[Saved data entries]

--- START ---

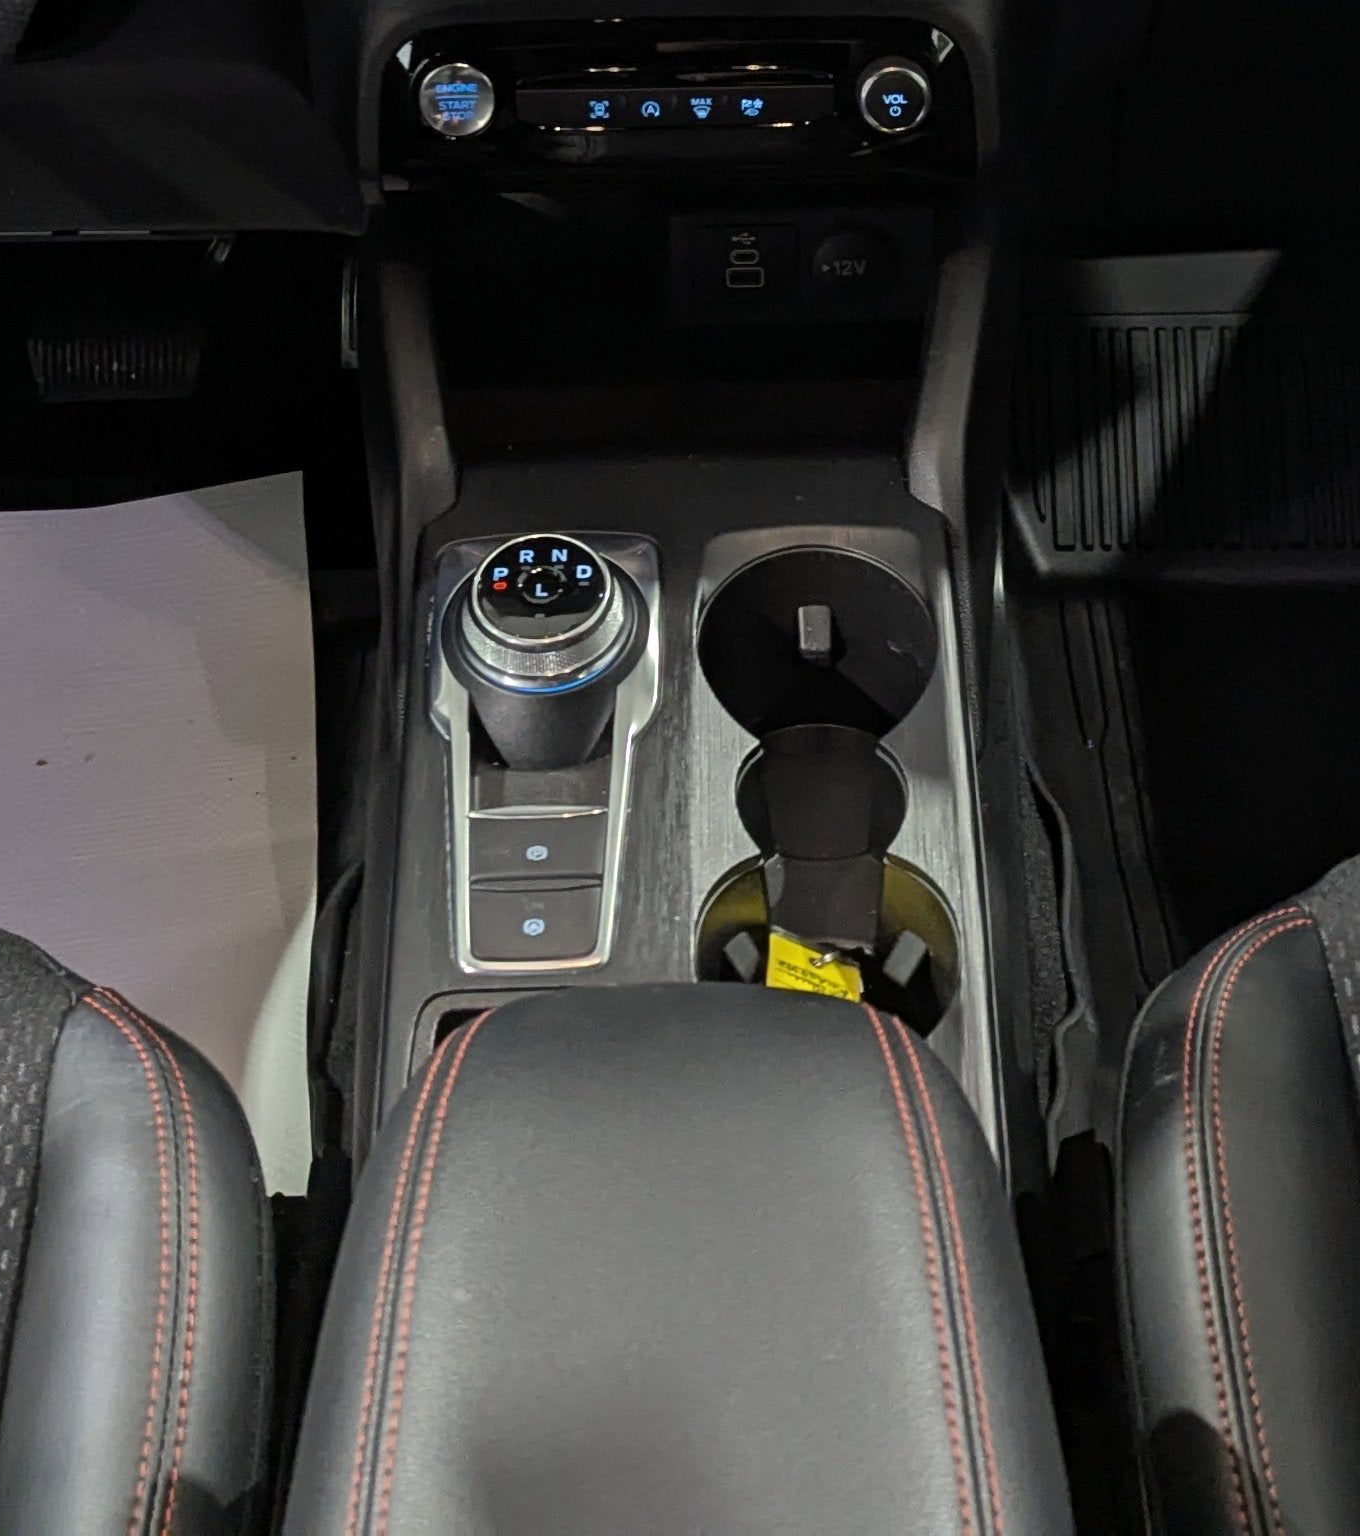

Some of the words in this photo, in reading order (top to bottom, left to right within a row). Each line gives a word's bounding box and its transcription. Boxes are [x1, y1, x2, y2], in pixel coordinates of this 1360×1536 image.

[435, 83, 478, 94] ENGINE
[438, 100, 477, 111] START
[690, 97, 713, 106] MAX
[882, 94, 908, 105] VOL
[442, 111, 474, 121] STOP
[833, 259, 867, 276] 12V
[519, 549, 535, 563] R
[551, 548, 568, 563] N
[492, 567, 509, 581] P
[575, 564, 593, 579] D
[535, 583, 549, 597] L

--- END ---

#### Description of the task:
Copy every record exactly, without the pictures.

#### Answer for the task:
Some of the words in this photo, in reading order (top to bottom, left to right within a row). Each line gives a word's bounding box and its transcription. Boxes are [x1, y1, x2, y2], in pixel coordinates of this 1360×1536 image.

[435, 83, 478, 94] ENGINE
[438, 100, 477, 111] START
[690, 97, 713, 106] MAX
[882, 94, 908, 105] VOL
[442, 111, 474, 121] STOP
[833, 259, 867, 276] 12V
[519, 549, 535, 563] R
[551, 548, 568, 563] N
[492, 567, 509, 581] P
[575, 564, 593, 579] D
[535, 583, 549, 597] L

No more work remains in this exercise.